Recently I’ve run into numerous problems getting some staff to engage with cloud adoption projects, I’m frequently brought in to consult or work as a cloud architect and I need to engage with these staff. Thinking back, this has actually happened for quite a number of years and while it’s not as prevalent as it used to be, I’ve found myself trying to sell the cloud not to customers, but to the engineers, consultants and internal IT staff who seem to think it would do them out of a job or reduce their ownership and power in their own environments. To be honest, I don’t think cloud would do any of these guys out of work, in fact I saw it building their importance to the business and need for their skills. Sure, rack and stack and some hardware specialised guys would hurt initially but these are by far the minority and with their experience they would have a far deeper understanding of the cloud that most.
So out of the conversation I thought it was worth discussing the skills that I talked about with both these individuals and their management, I think these are key to the adoption and successful implementation of private, hybrid or public cloud infrastructures. Having the right people at the right time is a key goal for most managers and businesses, however I don’t believe that cloud skill sets are unto their own, and building existing staff and their skills will give you a stronger employee and longer term engagement. I’ve also found staff that I’ve invested time and effort in have been more loyal and steadfast.
The Cloud is an interesting beast and everything I’ve seen comes down to a few key areas that critical to build or maintain both you and your employee’s skills in.
Design and Architecture
Any cloud architecture project must be design and architected correctly, we are seeing more and more business’s come and ask how to get out of or manage their sprawling, uncontrolled and out of hand cloud adoption. When 4 different departments go to different cloud providers, swipe their credit card and start to do stuff it’s a recipe for disaster. I.T. needs to get in front of the business and talk about cloud services and what they mean and what they can and can’t do. Get involved with and build engage business stake holders who might need cloud, don’t let them go out and ask others, make them want to come to you and talk to you. This allows you to direct and control cloud adoption. This allows you to be closely involved in the design and architecture of a cloud solution in your organisation and not be told 6 months down the track that your contracts department has been using a cloud storage provider to host files and a webserver and its offline for some reason.
Backup / Recovery / High Availability / Resiliency / Disaster Recovery / Business Continuity Planning
Ok, this area is a big bucket and I could have split it out, however in general no business can run successfully if they don’t have their services available. What this means is that staff need to be completely across what offering their cloud provider has around meeting their needs for backup, HA, DR and BCP. When you boil down a cloud environment it is still Compute, RAM and Storage sitting in a Data Center connected to the internet somewhere in the world. They can still have power outages, link failures, hardware failure, flood, fire and other natural disasters strike. Keep across what is available from the provider and ask the questions, how do you backup up our data, where do you store it, how accessible is it, how to we get it during a Disaster, What are your SLA’s for recovery, What is the RPO and RTO of this service? etc, etc.
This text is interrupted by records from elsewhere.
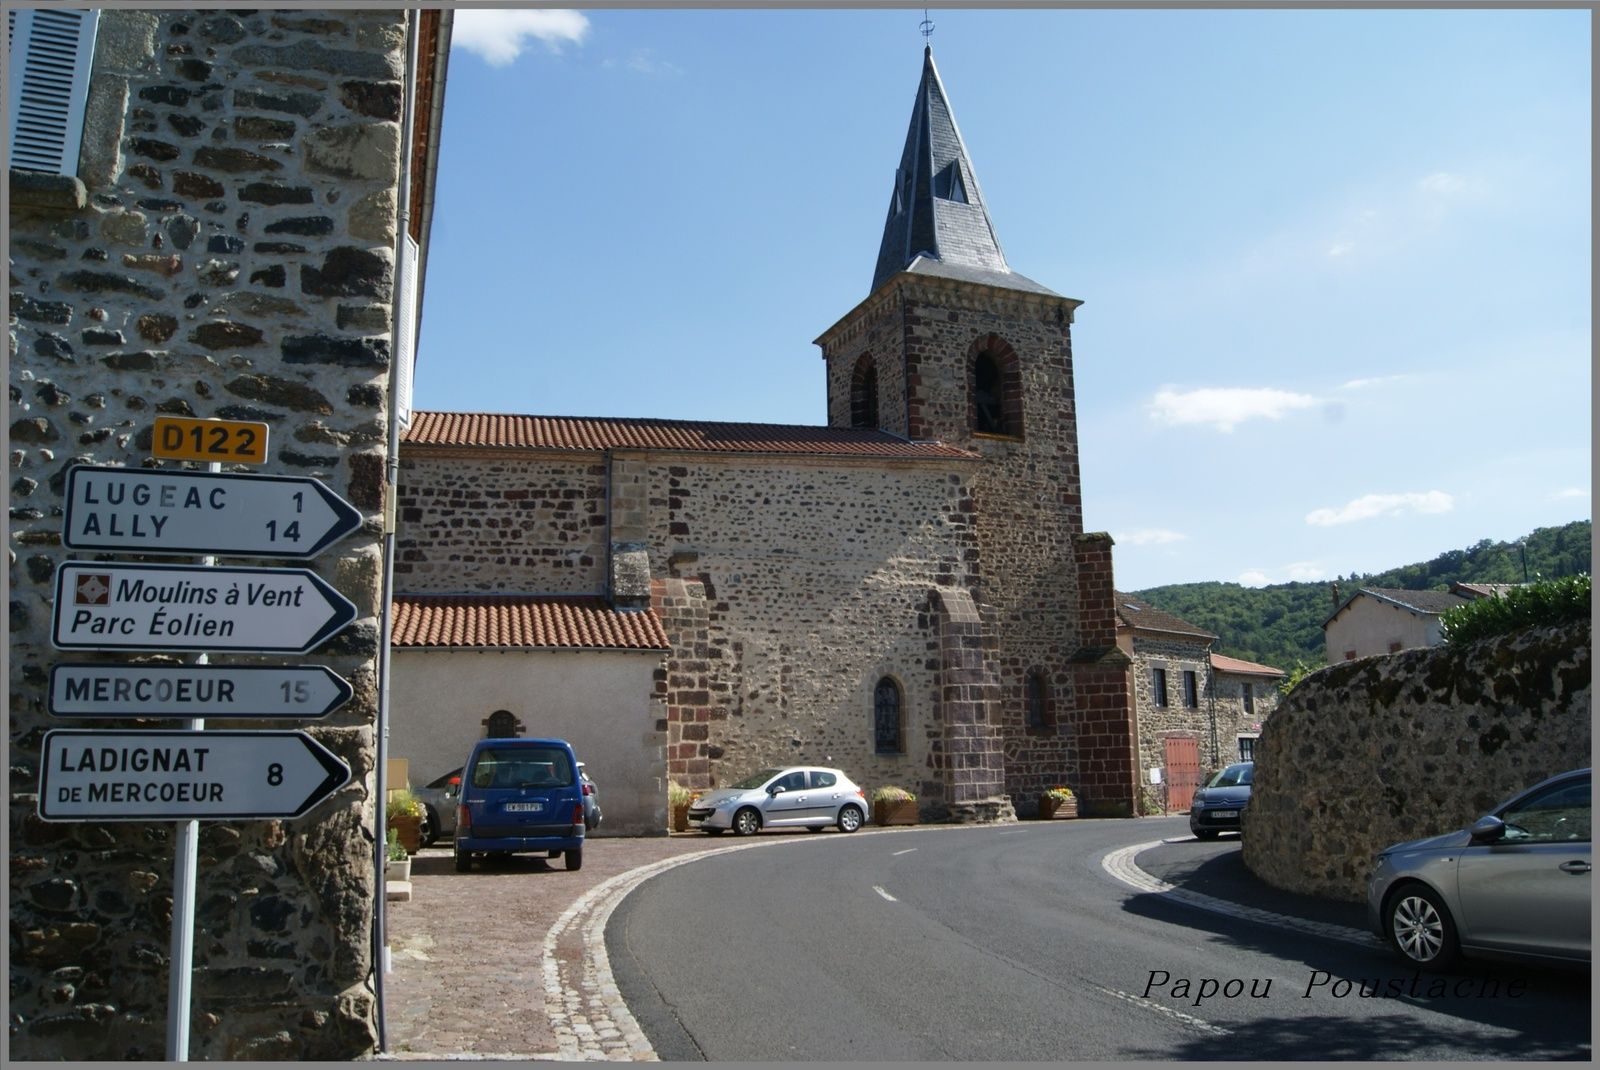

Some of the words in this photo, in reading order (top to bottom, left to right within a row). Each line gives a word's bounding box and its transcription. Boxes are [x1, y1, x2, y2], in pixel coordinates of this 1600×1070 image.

[161, 425, 256, 456] D122
[84, 481, 227, 510] LUGEAC
[292, 491, 304, 513] 1
[83, 513, 169, 538] ALLY
[266, 520, 301, 542] 14
[116, 579, 217, 605] Moulins
[224, 582, 240, 605] à
[247, 584, 304, 607] Vent
[71, 609, 135, 634] Parc
[149, 607, 234, 637] Éolien
[65, 677, 235, 703] MERCOEUR
[280, 680, 310, 703] 15
[60, 748, 210, 772] LADIGNAT
[267, 763, 284, 786] 8
[58, 787, 82, 803] DE
[88, 782, 224, 803] MERCOEUR
While I’ve seen cloud providers offer solutions with almost zero automation, the best cloud providers not only offer automation it’s built into the very core of their offering. Cloud is all about Self Service, Self-Provisioning and the trust that when you ask for another virtual machine, extra CPU’s, more RAM, or try and expand a HDD it will just work. Encourage your staff to build their awareness and understanding of these tools and systems and encourage them to build into their daily tasks review and automation of repetitive and mundane tasks. Why do something manually when you can automate it? And when dealing with the cloud automation is key, get across it early and as completely as possible.
Security / User Access Control / Compliance / Auditing
Security and Compliance questions are probably up there with the most common and easily the most complex questions that I’ve had in regards to the cloud. Everything from are we allowed to do something, to what happens if data is lost or in a lot of cases more importantly compromised. The cloud is based off systems that are built on platforms designed (and sometimes not designed) for multi tenancy, this means that as a customer of a cloud service you are sharing you CPU, RAM, Storage, Network and virtualisation platform with hundreds and possibly thousands of other customers of the cloud providers. If something goes wrong and there is a breach of security or just human error, your data or someone else’s data could end up being accessible or impacted both others. Knowing how to respond to these events is a key skill.
Cross functional / Inter silo / cross divisional
Cloud engagements require interaction and communication between the IT Silos’ of responsibility to a level rarely seen before, normally a server administrator couldn’t add new disk, CPU or network without engaging and working with the Storage, Virtualisation or Network areas of the IT department. This can cause challenges in almost any organisation, having a person or group who specialises in engaging the disparate areas and working both with the established or new processes and within the change management process is critical to success.
There are so many areas for your staff to skill up in or to take on a new responsibilities, it should be seen as a good thing and an advancement. When it is weighed against the loss of managing and owning the infrastructure or a particular area it should be something that can advance and improve, this is something that really can be managed with your staff both proactively and positively.
I hope this helps and shows that there is a huge amount of complexity in adopting the cloud and managing your staff and their experience and expectations from the whole endeavour.